B. Grounds of Appeal
[8] On the conviction appeal, the appellant submits that the trial judge reached an unreasonable verdict. The appellant raised numerous other grounds of appeal in his factum but did not pursue many of them during oral argument. Instead, he focused on three submissions.
[9] First, the appellant takes issue with the expert toxicologist’s evidence about the complainant’s BAC. The expert estimated the complainant’s BAC at 5:00 a.m. This was based on the Crown’s theory at trial that the incident occurred around the time the computer screen was unplugged. The appellant submits that this was an error because there was nothing linking the two events. Further, the appellant submits that the estimated BAC was based on the assumption that the complainant did not consume more alcohol after the incident which cannot be ruled out as a possibility.
[10] We do not agree. There is no requirement for expert evidence to support a finding of incapacity to consent due to extreme intoxication: R. v. G.F., 2021 SCC 20, at paras. 5, 65, 86. In any event, there was other evidence about the complainant’s level of intoxication, such as her state when awoken, that supported the trial judge’s finding that she lacked capacity to consent.
[11] Second, the appellant submits that the trial judge erred by relying on the evidence about the computer screen and the fact that the complainant’s pants were not inside out - which suggests that she had help removing them - in making a finding of guilt. He submits that neither are relevant to the issue of consent.
[12] We agree that this evidence is not probative of guilt. However, even if the trial judge did consider them as pieces of circumstantial evidence, which is not clear from his reasons, this was not an overriding error that renders the verdict unreasonable. There was other circumstantial evidence that was sufficient to establish guilt.
[13] Third, the appellant submits that the trial judge erred by relying on stereotypes and myths when he said that had the complainant consented, she would not have fallen asleep without cleaning up the semen and putting her pants back on.
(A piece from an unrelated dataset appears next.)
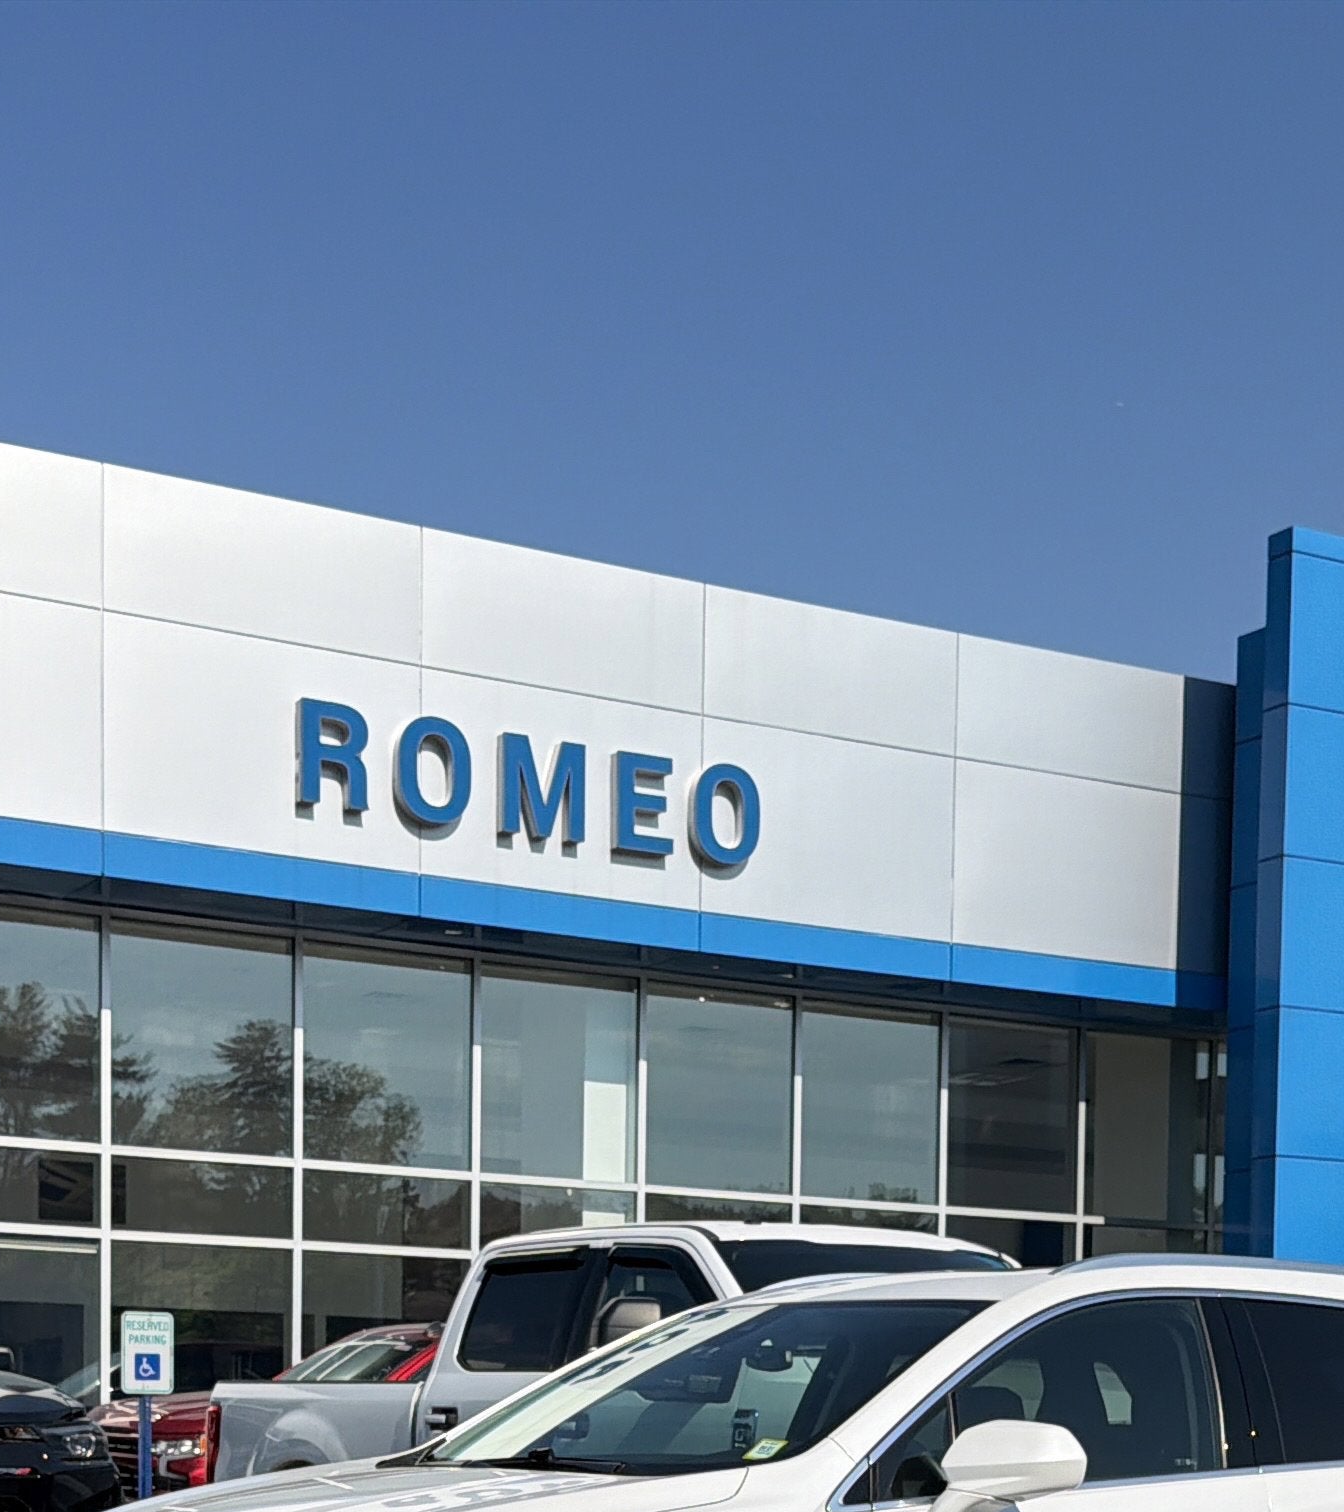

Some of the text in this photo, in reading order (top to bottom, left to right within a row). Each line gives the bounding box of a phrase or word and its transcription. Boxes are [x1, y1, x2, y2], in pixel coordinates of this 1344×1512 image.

[295, 697, 761, 867] ROMEO
[126, 1320, 169, 1331] RESERVED
[128, 1334, 167, 1345] PARKING
We do not agree. This was a common sense inference that supported a finding of guilt. Triers of facts are allowed to rely on common sense inferences and the generalized expectations they generate about human behaviour to assess whether a narrative is plausible: R. v. Kruk, 2024 SCC 7, at paras. 73-75, 88. The trial judge did not rely on stereotypes in reaching this conclusion. Rather, he made a reasonable inference based on common sense that had the complainant had the capacity to consent, she would have also tried to hide the evidence given the presence of her fiancé in the same room.
[14] Overall, we are not satisfied that the verdict was unreasonable. The trial judge instructed himself to consider all of the circumstantial evidence in accordance with R. v. Villaroman, 2016 SCC 33 and found that it excluded all reasonable inferences other than guilt. We see no error in the application of this standard.
[15] On the sentence appeal, the appellant submits that the trial judge erred in imposing a sentence of three years and asks this court to substitute a sentence of two years. We decline to interfere with the sentence.
[16] This court’s jurisprudence is clear that in sexual assault cases where there is forced penetration, the sentencing range is three to five years: R. v. A.J.K., 2022 ONCA 487, at para. 77. The circumstances of this case are not highly mitigating such that a departure from this range would be justified. The appellant’s assertion that a sentencing range of 18 months to three years is appropriate where the complainant is sleeping has recently been rejected by this court: see R. v. S.W., 2024 ONCA 173, at paras. 42-43. It is settled that there is no principled reason for distinguishing between complainants who are awake and those who are sleeping for the purpose of establishing a sentencing range.
C. Disposition
[17] For the foregoing reasons, the conviction appeal is dismissed. Leave to appeal sentence is granted, but the sentence appeal is dismissed.
“C.W. Hourigan J.A.”
“L. Favreau J.A.”
“J. Dawe J.A.”
[^1]: This appeal is subject to a publication ban pursuant to s. 486.4 of the Criminal Code, R.S.C. 1985, c. C-46.